▸ **TASK DIRECTIONS**:
Go through the records and set each one down exactly, skipping any picture.

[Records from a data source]
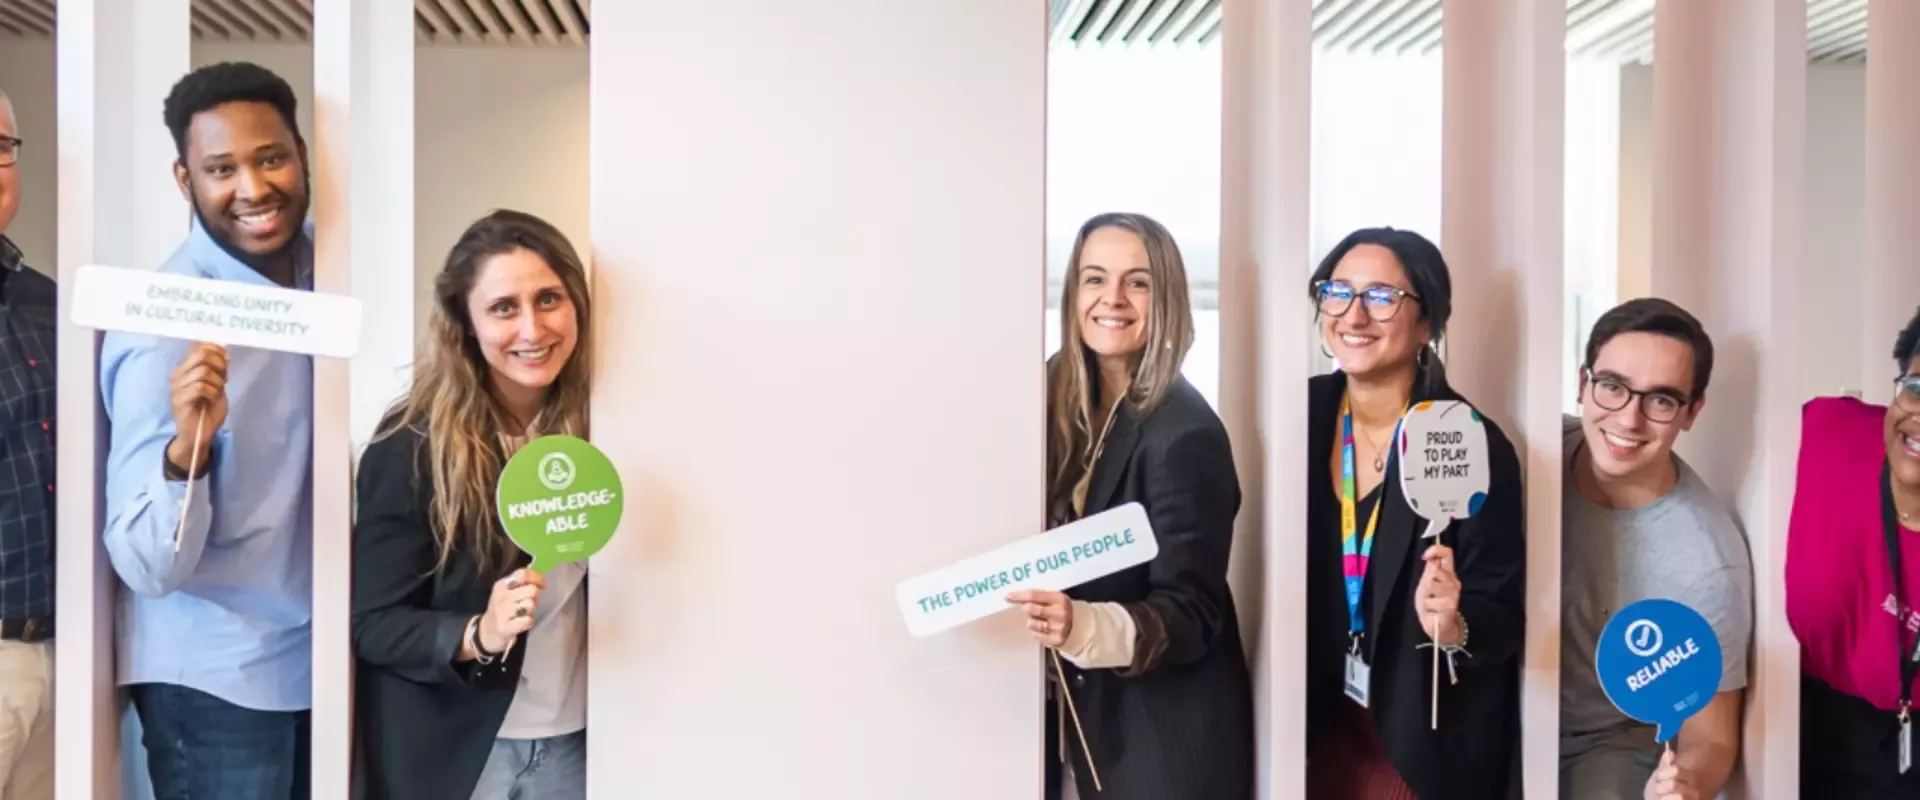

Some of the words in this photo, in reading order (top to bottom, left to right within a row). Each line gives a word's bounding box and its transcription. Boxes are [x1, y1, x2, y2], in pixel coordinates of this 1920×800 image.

[146, 284, 241, 308] EMBRACING
[243, 297, 293, 314] UNITY
[125, 302, 142, 317] IN
[145, 304, 225, 327] CULTURAL
[229, 314, 310, 336] DIVERSITY
[1426, 431, 1463, 445] PROUD
[1424, 448, 1439, 462] TO
[1441, 448, 1468, 462] PLAY
[1424, 465, 1440, 479] MY
[1442, 464, 1470, 478] PART
[508, 488, 616, 520] KNOWLEDGE-
[545, 512, 588, 535] ABLE
[917, 590, 952, 613] THE
[954, 571, 1010, 603] POWER
[1012, 562, 1034, 583] OF
[1036, 550, 1070, 575] OUR
[1071, 528, 1135, 562] PEOPLE
[1626, 637, 1700, 692] RELIABLE
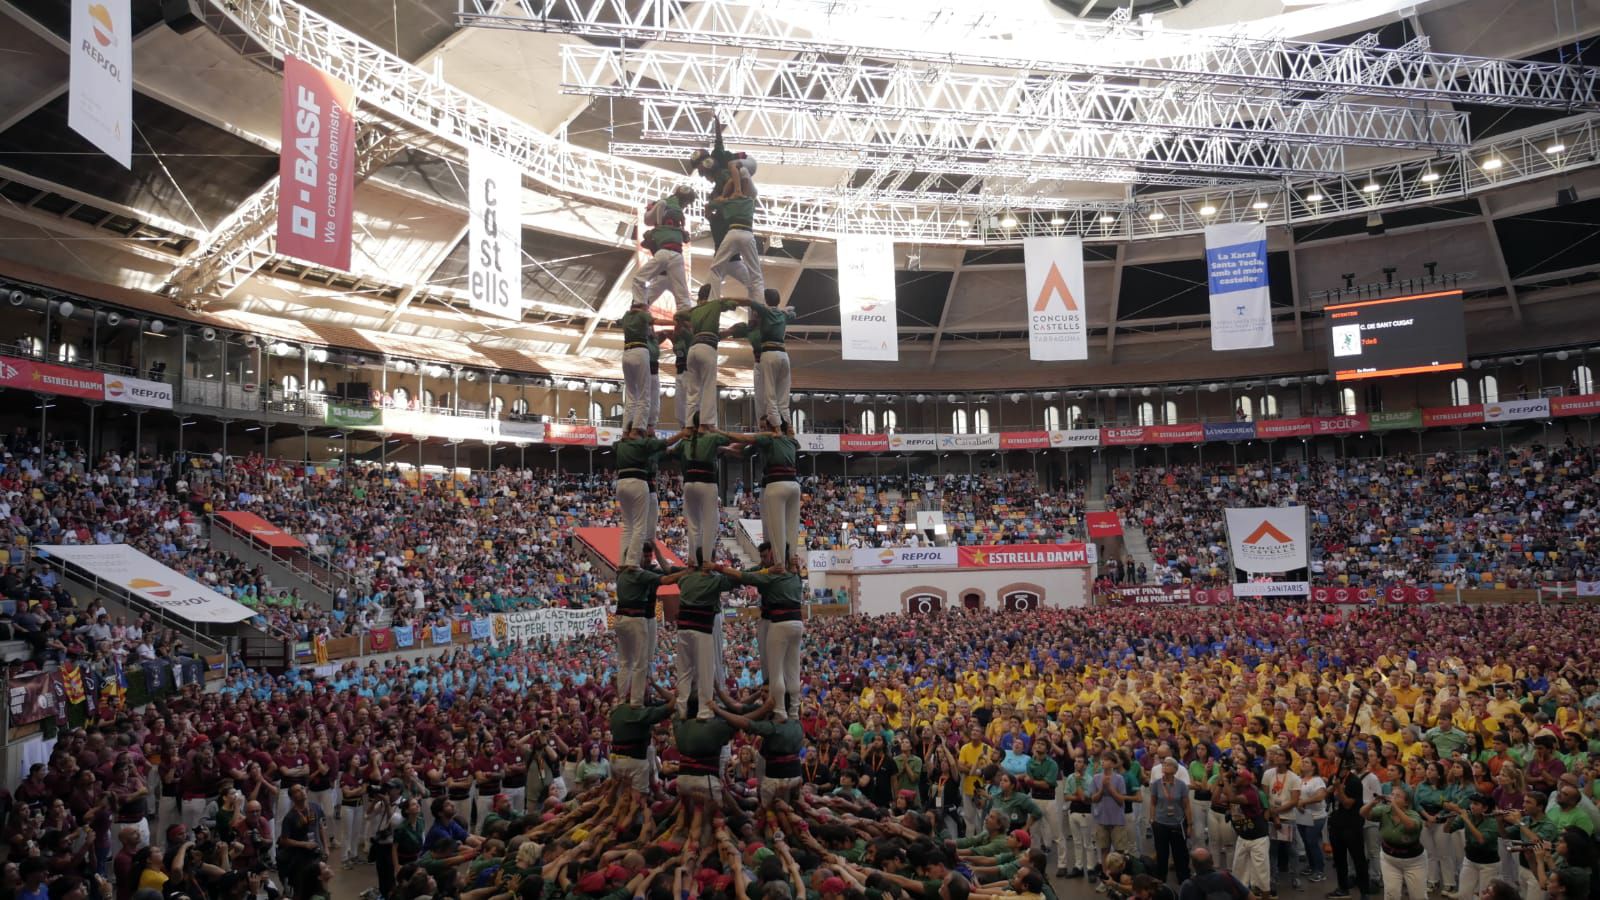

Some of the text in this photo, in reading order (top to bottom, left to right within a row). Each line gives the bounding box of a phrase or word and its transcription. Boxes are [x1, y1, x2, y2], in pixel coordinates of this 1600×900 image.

[81, 39, 121, 82] REPSOL
[295, 85, 321, 187] BASF
[324, 99, 342, 243] We create chemistry
[1231, 251, 1257, 259] Xarxa
[1211, 261, 1236, 269] Santa
[1211, 269, 1231, 277] amb
[1232, 268, 1241, 276] el
[1219, 275, 1259, 285] casteller
[851, 314, 887, 322] REPSOL
[1033, 314, 1080, 323] CONCURS
[1033, 322, 1080, 331] CASTELLS
[42, 375, 103, 391] ESTRELLA DAMM
[131, 387, 171, 401] REPSOL
[348, 408, 375, 419] BASF
[1508, 405, 1548, 414] REPSOL
[1319, 418, 1353, 430] 3cat
[1120, 428, 1144, 437] BASF
[902, 552, 944, 561] REPSOL
[989, 552, 1047, 564] ESTRELLA
[1047, 550, 1084, 562] DAMM
[1267, 584, 1304, 592] SANITARIS
[160, 596, 211, 607] EPSOL
[509, 612, 540, 624] COLLA
[510, 625, 523, 637] ST.
[525, 622, 546, 635] PERE
[553, 620, 566, 632] ST.
[568, 620, 585, 631] PAU
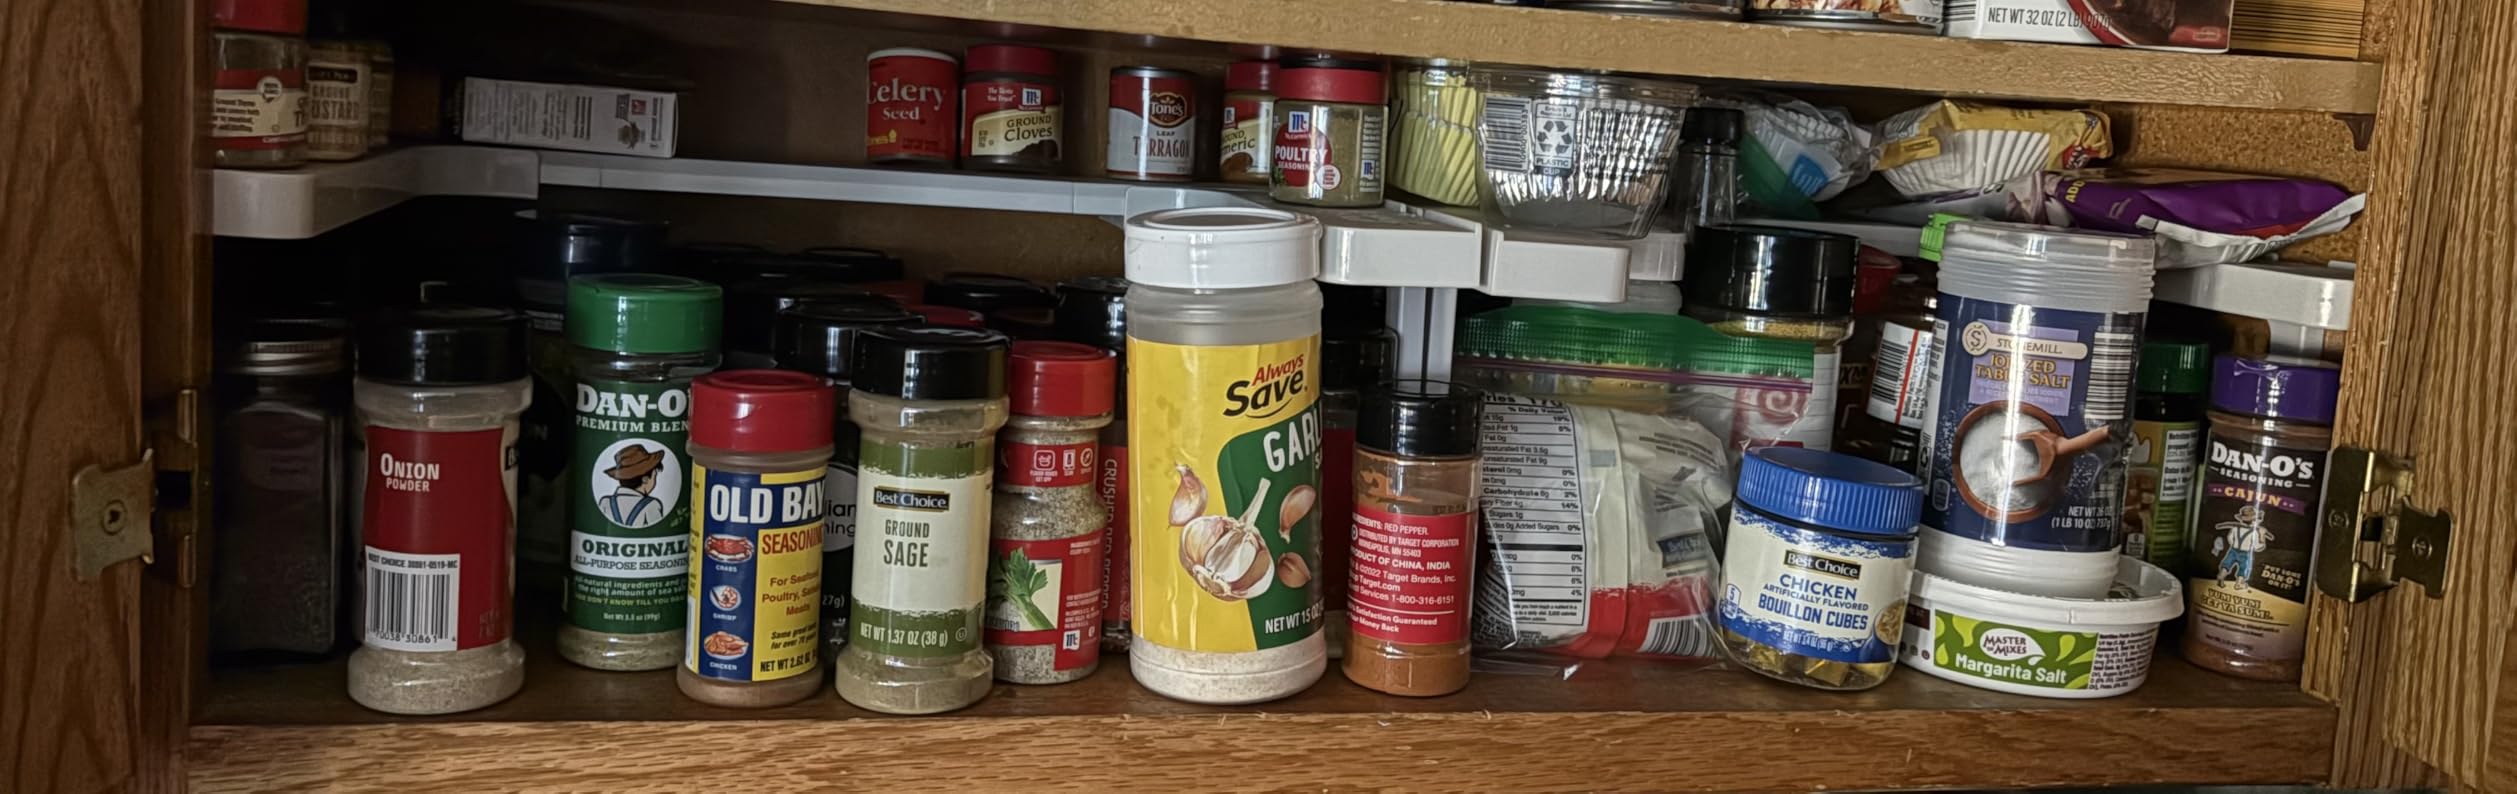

▸ **ANSWER SECTION**:
Some of the words in this photo, in reading order (top to bottom, left to right within a row). Each line gives a word's bounding box and its transcription. Boxes are [x1, y1, x2, y2], in pixel coordinates of this 1920×800 image.

[146, 284, 241, 308] EMBRACING
[243, 297, 293, 314] UNITY
[125, 302, 142, 317] IN
[145, 304, 225, 327] CULTURAL
[229, 314, 310, 336] DIVERSITY
[1426, 431, 1463, 445] PROUD
[1424, 448, 1439, 462] TO
[1441, 448, 1468, 462] PLAY
[1424, 465, 1440, 479] MY
[1442, 464, 1470, 478] PART
[508, 488, 616, 520] KNOWLEDGE-
[545, 512, 588, 535] ABLE
[917, 590, 952, 613] THE
[954, 571, 1010, 603] POWER
[1012, 562, 1034, 583] OF
[1036, 550, 1070, 575] OUR
[1071, 528, 1135, 562] PEOPLE
[1626, 637, 1700, 692] RELIABLE

Some of the text in this photo, in reading order (top to bottom, left to right within a row). Each line gives the bounding box of a phrase or word and its transcription. Boxes are [x1, y1, x2, y2], in pixel coordinates of this 1600×900 image.

[81, 39, 121, 82] REPSOL
[295, 85, 321, 187] BASF
[324, 99, 342, 243] We create chemistry
[1231, 251, 1257, 259] Xarxa
[1211, 261, 1236, 269] Santa
[1211, 269, 1231, 277] amb
[1232, 268, 1241, 276] el
[1219, 275, 1259, 285] casteller
[851, 314, 887, 322] REPSOL
[1033, 314, 1080, 323] CONCURS
[1033, 322, 1080, 331] CASTELLS
[42, 375, 103, 391] ESTRELLA DAMM
[131, 387, 171, 401] REPSOL
[348, 408, 375, 419] BASF
[1508, 405, 1548, 414] REPSOL
[1319, 418, 1353, 430] 3cat
[1120, 428, 1144, 437] BASF
[902, 552, 944, 561] REPSOL
[989, 552, 1047, 564] ESTRELLA
[1047, 550, 1084, 562] DAMM
[1267, 584, 1304, 592] SANITARIS
[160, 596, 211, 607] EPSOL
[509, 612, 540, 624] COLLA
[510, 625, 523, 637] ST.
[525, 622, 546, 635] PERE
[553, 620, 566, 632] ST.
[568, 620, 585, 631] PAU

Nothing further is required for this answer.